Le second numéro de Social Traitre paraît version papier fin mai 2008. Le mouvement "oui/non/oui mais" la gratification des stages en secteur social s'essoufle, mais le comité des directeurs associés transforme l'essai, avec un fanzine plus éttoffé. Satirico-poètique, toujours, le ton est donné. Les dents grincent, les zigomatiques gigotent et la question demeure: c'est du lard ou du cochon?

Editorial

La nécessaire culture de l'impuissance.

Nous sommes ravis. Positivement ravis. Rationnellement ravis. Pourquoi? Parce que les travailleurs sociaux en formation sont mo-bi-li-sés! Voilà une bonne nouvelle! Une vraie source claire de satisfaction! Et notre béatitude ne se rapporte évidemment pas aux revendications obscures et égalitaristes portées par les étudiants. Non. Social Traitre est un fanzine sérieux qui n'a que faire des élans boutonneux et gauchisants, trop facilement étiquetés « mouvement sociaux » par leurs protagonistes. Nous n'y croyons pas et ne voulons pas y croire. D'ailleurs la cause est entendue. La formation en travail social aura sa gratification! En l'état et clés en main, quoiqu'en pensent les aspirants bolchéviques qui ont le front de combattre les discriminations (nécessaires) qu'elle induit comme le rôle financier accordé (enfin) aux structures qui les accueillent en stage et qui vont tout de même pouvoir exiger un minimum de rentabilité aux stagiaires à qui elles daignent ouvrir leurs portes. Oui, vraiment, cette gratification, bien qu'abjecte, est une bénédiction pour le travail social qui entre ainsi de plein pied dans la modernité par la grâce de la sainte trinité: Concurrence, Efficacité, Rentabilité (C.E.R.).

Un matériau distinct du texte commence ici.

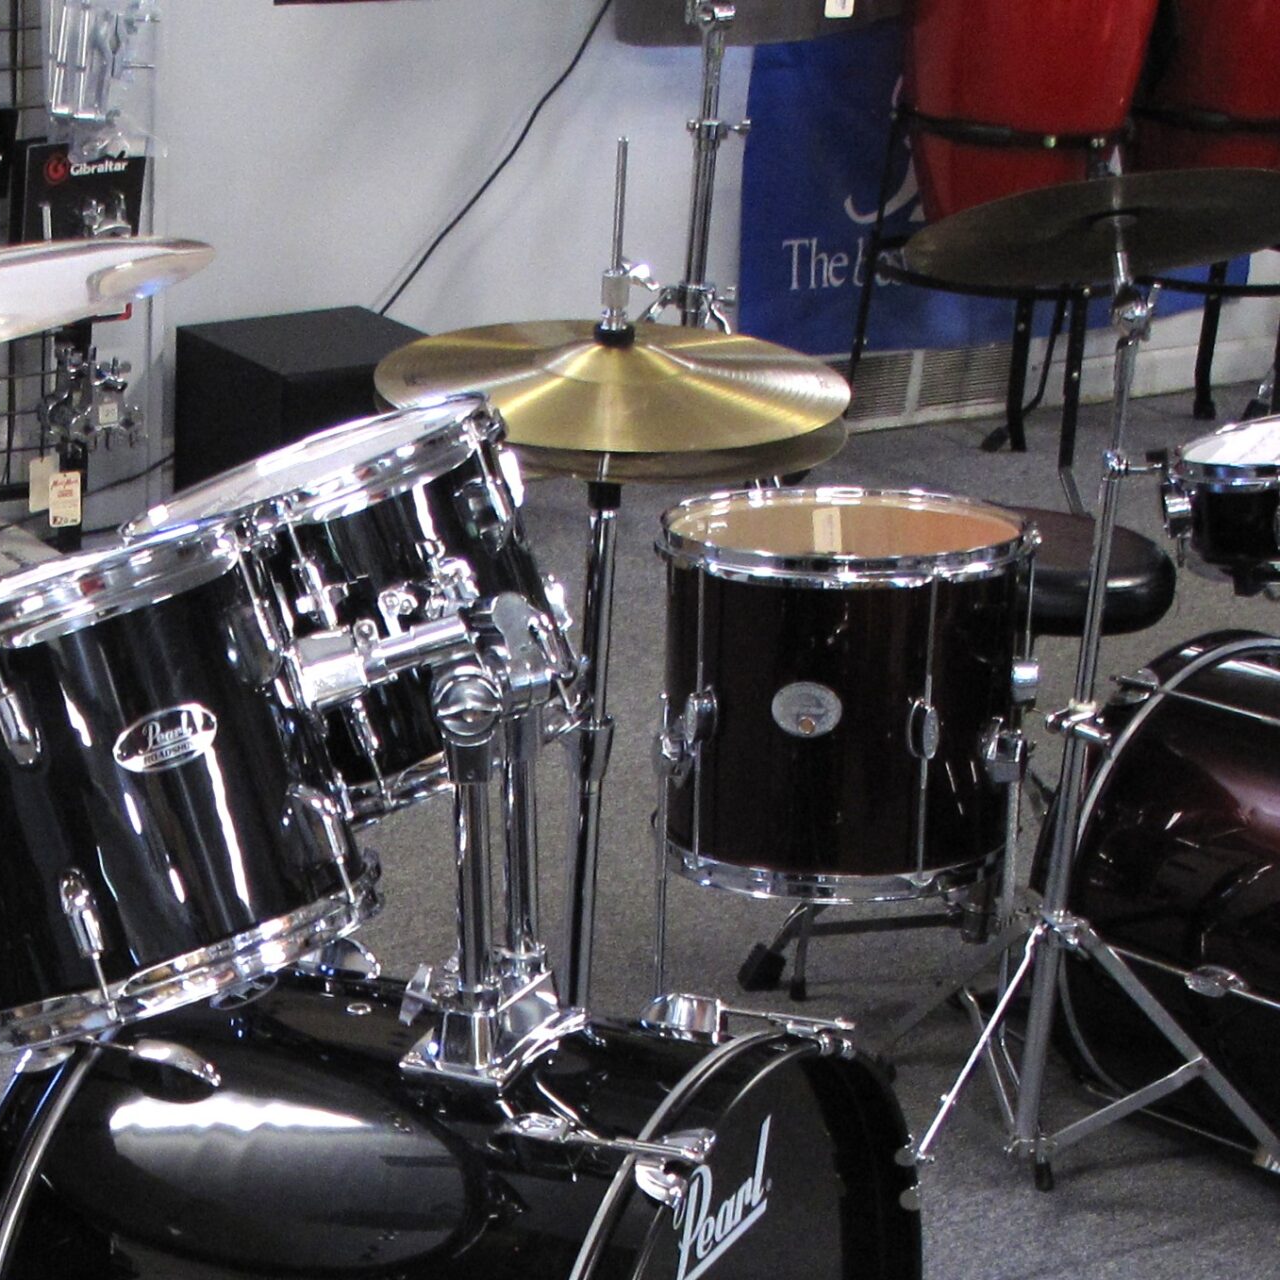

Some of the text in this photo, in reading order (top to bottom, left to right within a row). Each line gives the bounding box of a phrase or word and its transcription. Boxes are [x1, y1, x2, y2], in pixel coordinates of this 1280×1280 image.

[70, 160, 129, 176] Gibraltar
[782, 237, 849, 290] The
[140, 711, 194, 752] Pearl
[144, 740, 198, 766] ROADSHO
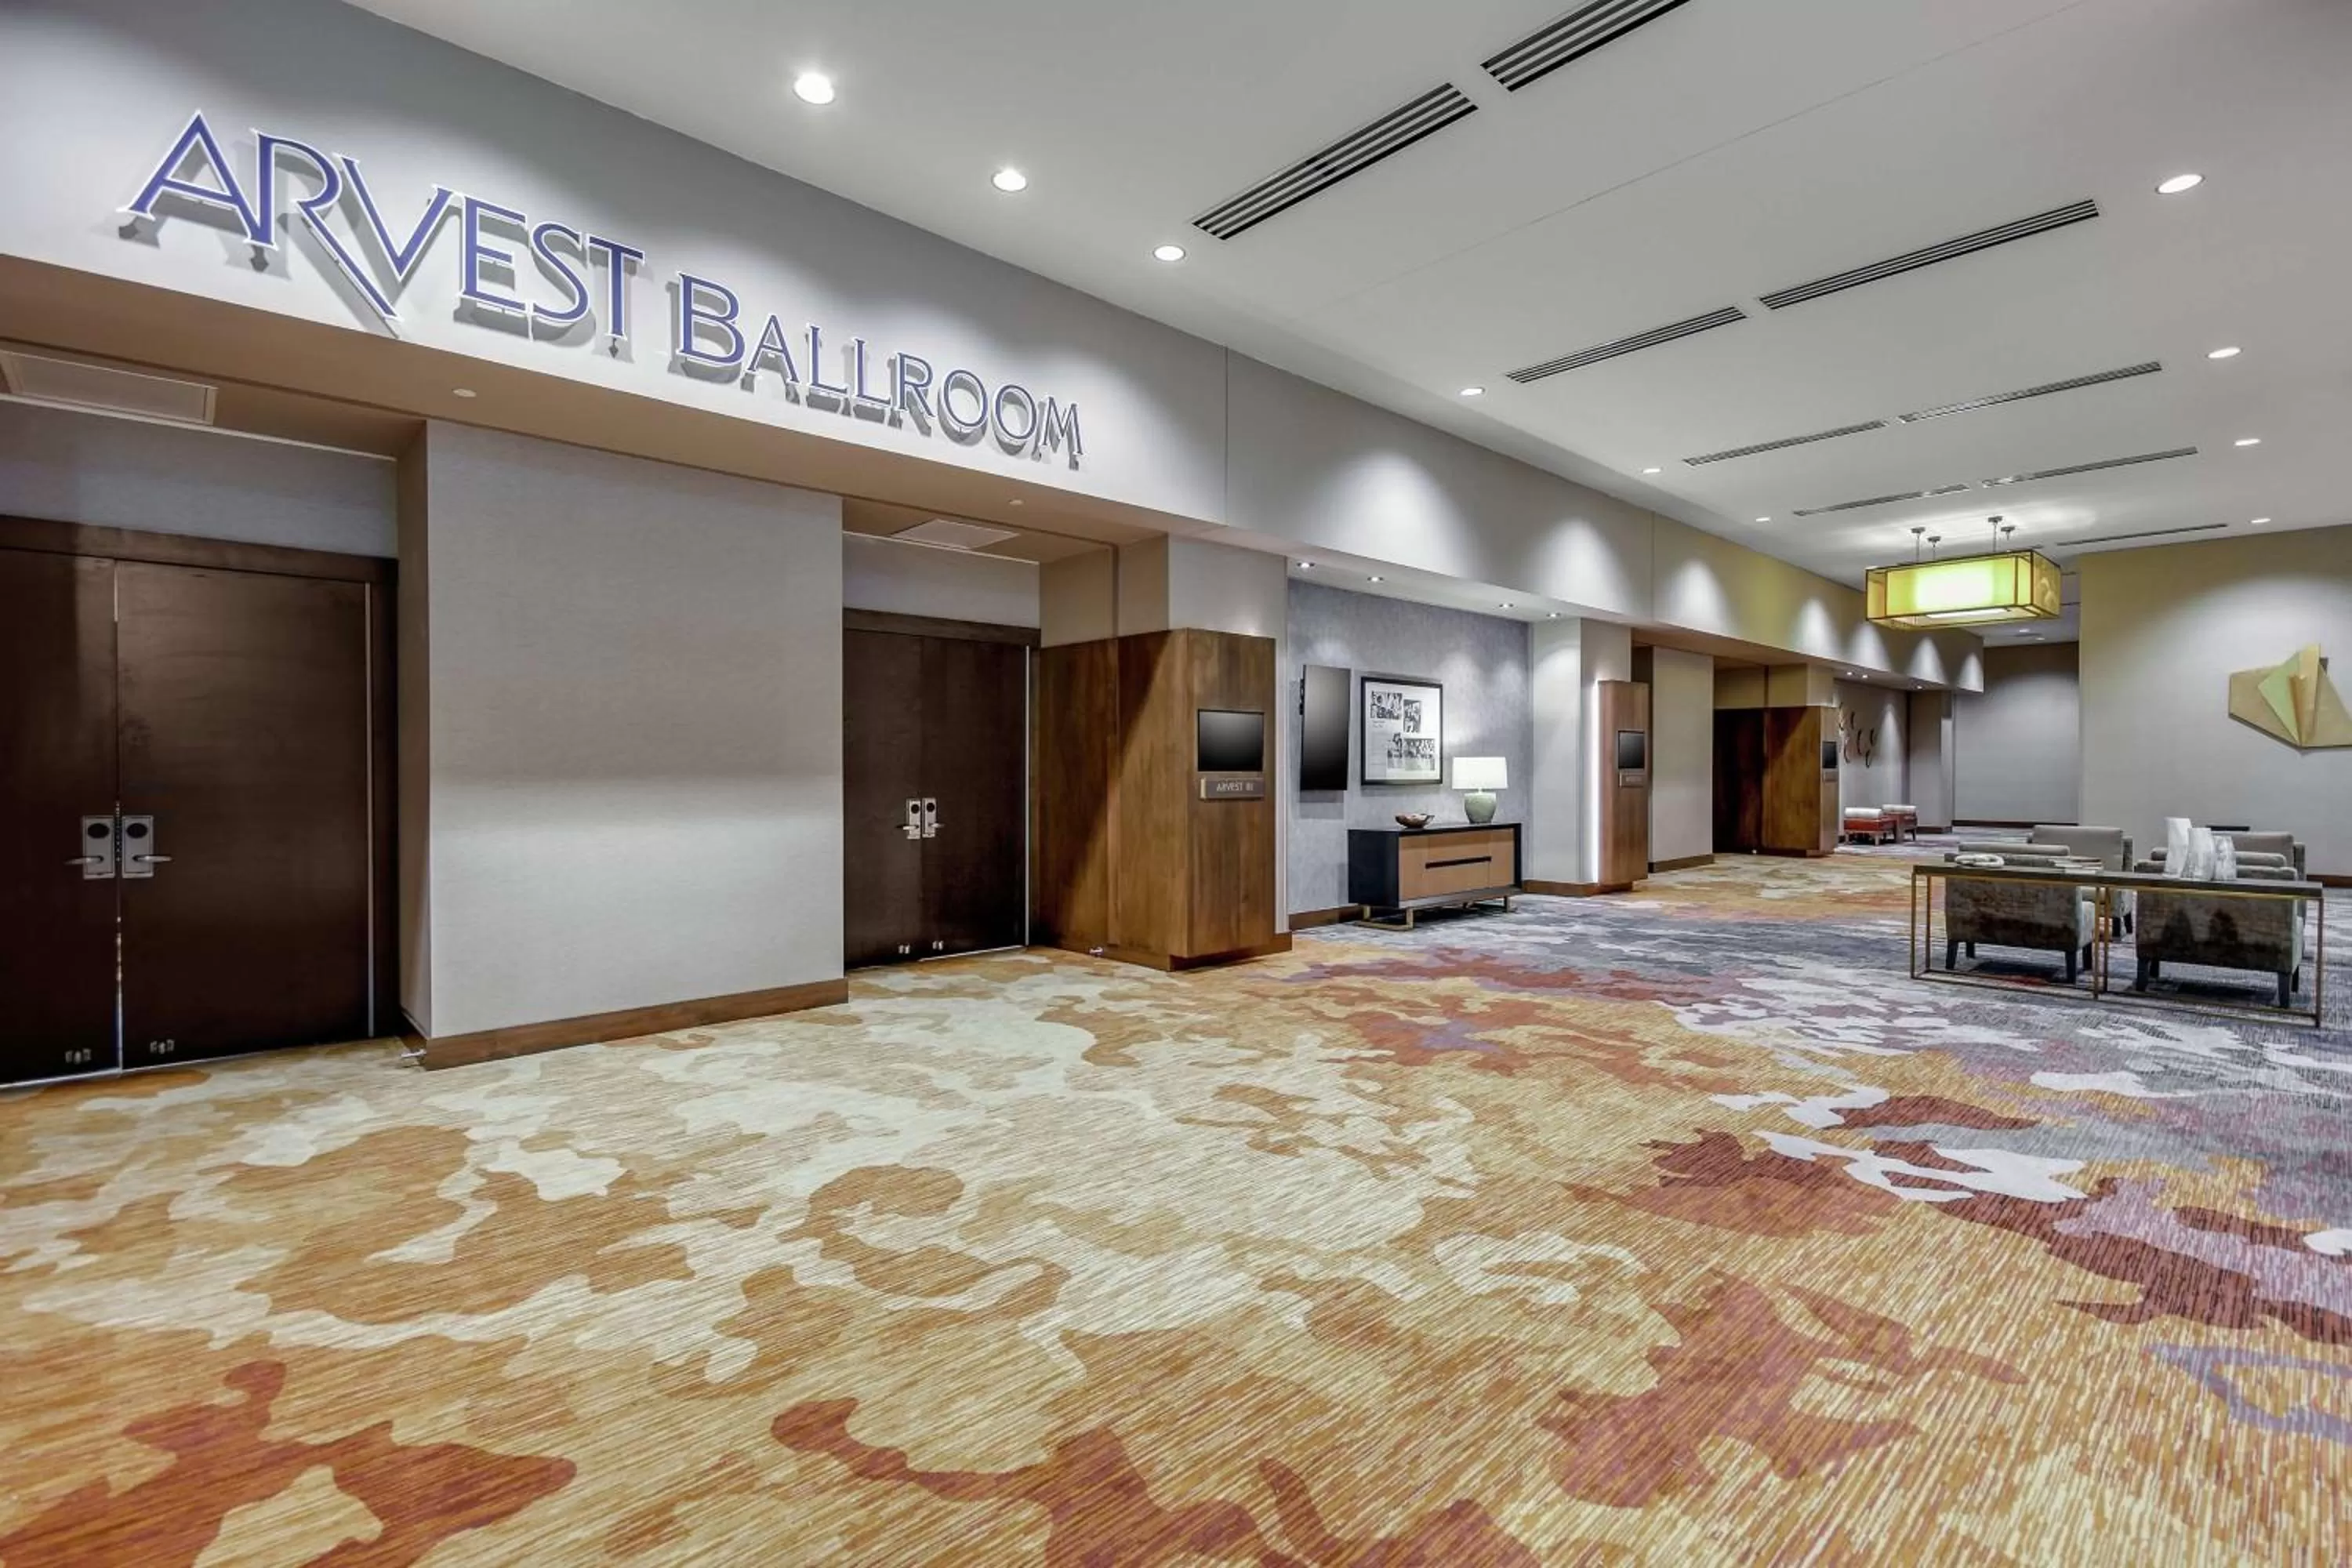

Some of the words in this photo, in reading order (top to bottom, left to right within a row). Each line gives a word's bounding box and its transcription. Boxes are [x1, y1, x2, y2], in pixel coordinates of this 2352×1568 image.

[117, 109, 645, 339] ARVEST
[676, 271, 1086, 456] BALLROOM
[1216, 782, 1243, 791] ARVEST
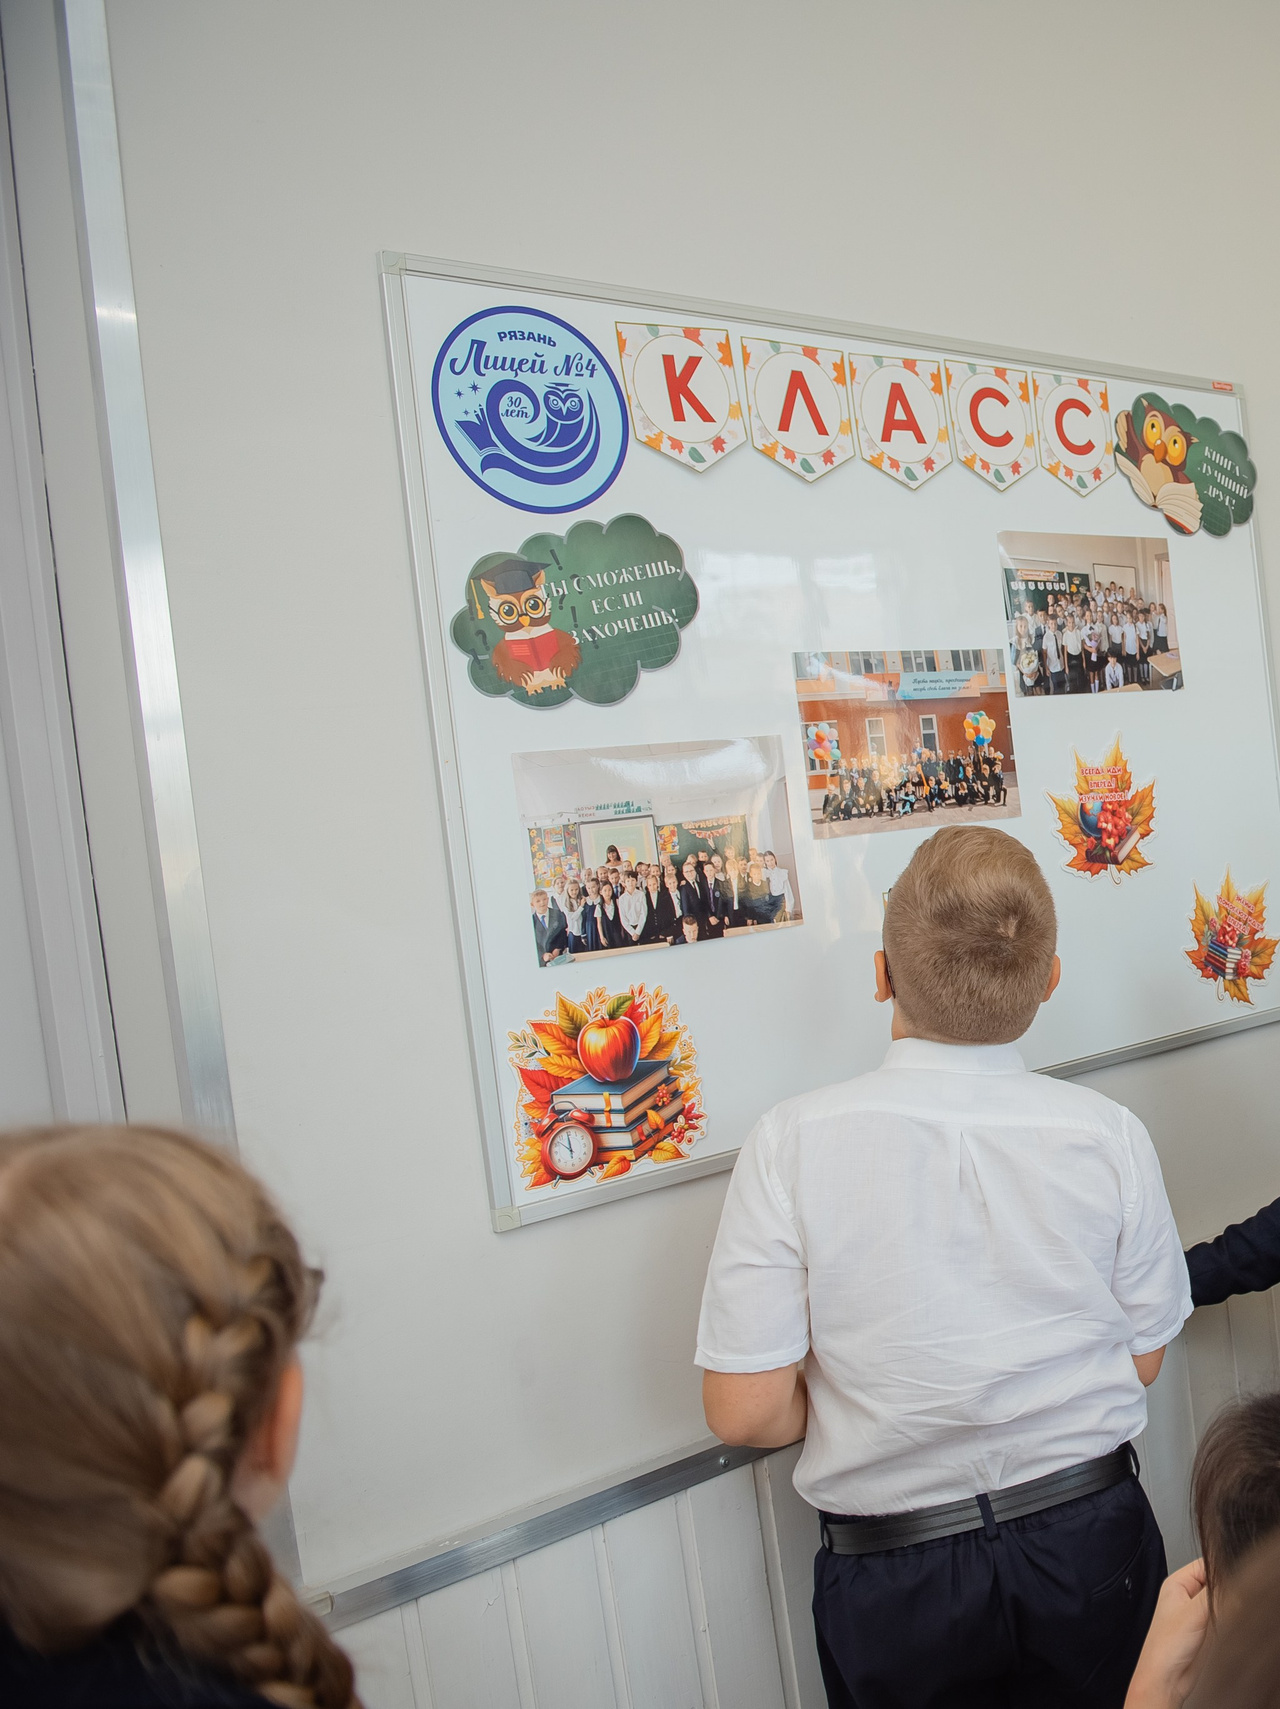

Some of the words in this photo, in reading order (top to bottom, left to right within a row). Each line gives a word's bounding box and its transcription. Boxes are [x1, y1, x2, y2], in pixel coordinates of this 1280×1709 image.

[497, 330, 557, 348] РЯЗАНЬ
[450, 339, 548, 379] Лицей
[501, 406, 531, 419] лет
[506, 396, 522, 408] 30
[661, 353, 1096, 456] КЛАСС
[1204, 445, 1240, 477] КНИГА
[1198, 462, 1248, 499] ЛУЧШИЙ
[1203, 485, 1236, 510] ДРУГ!
[536, 579, 568, 600] ТЫ
[572, 560, 681, 594] СМОЖЕШЬ,
[591, 591, 644, 615] ЕСЛИ

Alors pourquoi sommes nous ravis de cette mobilisation, si nous nous opposons à ses revendications? Car en vérité, c'est une excellente occasion pour les aspirants professionnels du contrôle social de prendre conscience de la réalité du travail social, et de le considérer enfin pour ce qu'il est: un organisme de régulation des masses au service de la paix sociale. Et cet organisme, comme le système pénitentiaire ou la politique familiale, représente une charge pour notre société qu'il convient de rationaliser. Cette gratification, qui tombe sur la gueule des étudiants comme s'ils n'avaient rien vu venir doit leur faire l'effet d'un électrochoc. Tant mieux! Il est grand temps pour la profession de mesurer le virage entreprit depuis quelques années dans les structures sociales: L'évaluation interne et externe, la remise « à plat » de cet archaïsme protecteur de convention 66... Voilà la réalité du travail social. Alors que les étudiants s'y frottent, s'y piquent, accouchent dans la douleur d'une nouvelle représentation de leurs métiers. Ça forge le caractère et puis ils apprendront d'eux même qu'ils sont impuissants, lorsqu'ils s'apercevront que leurs doléances n'ont même pas été considérées (et puis quoi encore?). Alors ils sauront toucher en bon professionnel le salaire de leur résignation. En vérité, et pour plus d'efficacité sur le terrain, Social Traitre propose que la participation obligatoire à un mouvement social soit portée aux programmes de formation des travailleurs sociaux. Le nécessaire échec de celui ci devrait suffire à leur inculquer la culture de l'impuissance, au grand bénéfice de leur pratique professionnelle.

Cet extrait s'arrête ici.